Problem to work on:
Transcribe every record below word for word.

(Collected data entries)
═══

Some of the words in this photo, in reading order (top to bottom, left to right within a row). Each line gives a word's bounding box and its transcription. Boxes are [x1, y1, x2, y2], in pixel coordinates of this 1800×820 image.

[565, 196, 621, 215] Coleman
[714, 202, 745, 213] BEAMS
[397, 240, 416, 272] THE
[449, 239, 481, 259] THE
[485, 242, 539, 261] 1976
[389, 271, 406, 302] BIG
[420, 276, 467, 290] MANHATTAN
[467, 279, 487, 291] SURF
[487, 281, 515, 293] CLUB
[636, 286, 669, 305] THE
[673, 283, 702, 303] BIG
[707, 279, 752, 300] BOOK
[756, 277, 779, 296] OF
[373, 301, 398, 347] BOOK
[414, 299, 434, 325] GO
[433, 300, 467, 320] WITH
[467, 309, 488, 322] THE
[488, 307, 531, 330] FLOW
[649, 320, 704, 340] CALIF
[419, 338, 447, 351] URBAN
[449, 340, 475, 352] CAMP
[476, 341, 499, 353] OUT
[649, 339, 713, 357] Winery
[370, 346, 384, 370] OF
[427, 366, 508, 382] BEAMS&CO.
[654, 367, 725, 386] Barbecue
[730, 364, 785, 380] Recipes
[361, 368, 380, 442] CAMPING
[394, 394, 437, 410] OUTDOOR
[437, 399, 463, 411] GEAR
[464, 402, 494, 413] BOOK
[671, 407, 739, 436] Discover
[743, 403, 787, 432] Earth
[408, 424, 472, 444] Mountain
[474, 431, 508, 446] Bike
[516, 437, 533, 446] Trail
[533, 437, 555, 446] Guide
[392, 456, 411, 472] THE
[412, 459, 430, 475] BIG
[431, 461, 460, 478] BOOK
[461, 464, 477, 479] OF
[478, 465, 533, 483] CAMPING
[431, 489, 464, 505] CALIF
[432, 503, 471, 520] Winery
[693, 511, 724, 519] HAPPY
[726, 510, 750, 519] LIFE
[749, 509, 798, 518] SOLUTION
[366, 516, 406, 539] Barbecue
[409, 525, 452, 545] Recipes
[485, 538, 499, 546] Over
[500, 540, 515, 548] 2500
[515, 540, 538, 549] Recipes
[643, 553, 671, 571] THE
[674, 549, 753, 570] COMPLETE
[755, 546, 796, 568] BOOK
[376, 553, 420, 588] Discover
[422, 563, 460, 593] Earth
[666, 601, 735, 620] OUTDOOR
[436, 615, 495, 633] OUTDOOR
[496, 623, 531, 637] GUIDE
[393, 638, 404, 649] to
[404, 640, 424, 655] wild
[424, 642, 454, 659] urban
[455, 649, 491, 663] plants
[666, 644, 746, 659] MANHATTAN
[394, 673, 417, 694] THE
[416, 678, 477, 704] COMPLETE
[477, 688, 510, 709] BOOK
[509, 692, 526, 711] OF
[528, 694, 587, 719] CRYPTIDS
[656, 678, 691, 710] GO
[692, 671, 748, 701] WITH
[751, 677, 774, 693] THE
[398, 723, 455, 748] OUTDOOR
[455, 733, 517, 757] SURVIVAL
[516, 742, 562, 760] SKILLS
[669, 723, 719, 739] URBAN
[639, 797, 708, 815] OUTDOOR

═══

Response to the exercise:
Some of the words in this photo, in reading order (top to bottom, left to right within a row). Each line gives a word's bounding box and its transcription. Boxes are [x1, y1, x2, y2], in pixel coordinates of this 1800×820 image.

[565, 196, 621, 215] Coleman
[714, 202, 745, 213] BEAMS
[397, 240, 416, 272] THE
[449, 239, 481, 259] THE
[485, 242, 539, 261] 1976
[389, 271, 406, 302] BIG
[420, 276, 467, 290] MANHATTAN
[467, 279, 487, 291] SURF
[487, 281, 515, 293] CLUB
[636, 286, 669, 305] THE
[673, 283, 702, 303] BIG
[707, 279, 752, 300] BOOK
[756, 277, 779, 296] OF
[373, 301, 398, 347] BOOK
[414, 299, 434, 325] GO
[433, 300, 467, 320] WITH
[467, 309, 488, 322] THE
[488, 307, 531, 330] FLOW
[649, 320, 704, 340] CALIF
[419, 338, 447, 351] URBAN
[449, 340, 475, 352] CAMP
[476, 341, 499, 353] OUT
[649, 339, 713, 357] Winery
[370, 346, 384, 370] OF
[427, 366, 508, 382] BEAMS&CO.
[654, 367, 725, 386] Barbecue
[730, 364, 785, 380] Recipes
[361, 368, 380, 442] CAMPING
[394, 394, 437, 410] OUTDOOR
[437, 399, 463, 411] GEAR
[464, 402, 494, 413] BOOK
[671, 407, 739, 436] Discover
[743, 403, 787, 432] Earth
[408, 424, 472, 444] Mountain
[474, 431, 508, 446] Bike
[516, 437, 533, 446] Trail
[533, 437, 555, 446] Guide
[392, 456, 411, 472] THE
[412, 459, 430, 475] BIG
[431, 461, 460, 478] BOOK
[461, 464, 477, 479] OF
[478, 465, 533, 483] CAMPING
[431, 489, 464, 505] CALIF
[432, 503, 471, 520] Winery
[693, 511, 724, 519] HAPPY
[726, 510, 750, 519] LIFE
[749, 509, 798, 518] SOLUTION
[366, 516, 406, 539] Barbecue
[409, 525, 452, 545] Recipes
[485, 538, 499, 546] Over
[500, 540, 515, 548] 2500
[515, 540, 538, 549] Recipes
[643, 553, 671, 571] THE
[674, 549, 753, 570] COMPLETE
[755, 546, 796, 568] BOOK
[376, 553, 420, 588] Discover
[422, 563, 460, 593] Earth
[666, 601, 735, 620] OUTDOOR
[436, 615, 495, 633] OUTDOOR
[496, 623, 531, 637] GUIDE
[393, 638, 404, 649] to
[404, 640, 424, 655] wild
[424, 642, 454, 659] urban
[455, 649, 491, 663] plants
[666, 644, 746, 659] MANHATTAN
[394, 673, 417, 694] THE
[416, 678, 477, 704] COMPLETE
[477, 688, 510, 709] BOOK
[509, 692, 526, 711] OF
[528, 694, 587, 719] CRYPTIDS
[656, 678, 691, 710] GO
[692, 671, 748, 701] WITH
[751, 677, 774, 693] THE
[398, 723, 455, 748] OUTDOOR
[455, 733, 517, 757] SURVIVAL
[516, 742, 562, 760] SKILLS
[669, 723, 719, 739] URBAN
[639, 797, 708, 815] OUTDOOR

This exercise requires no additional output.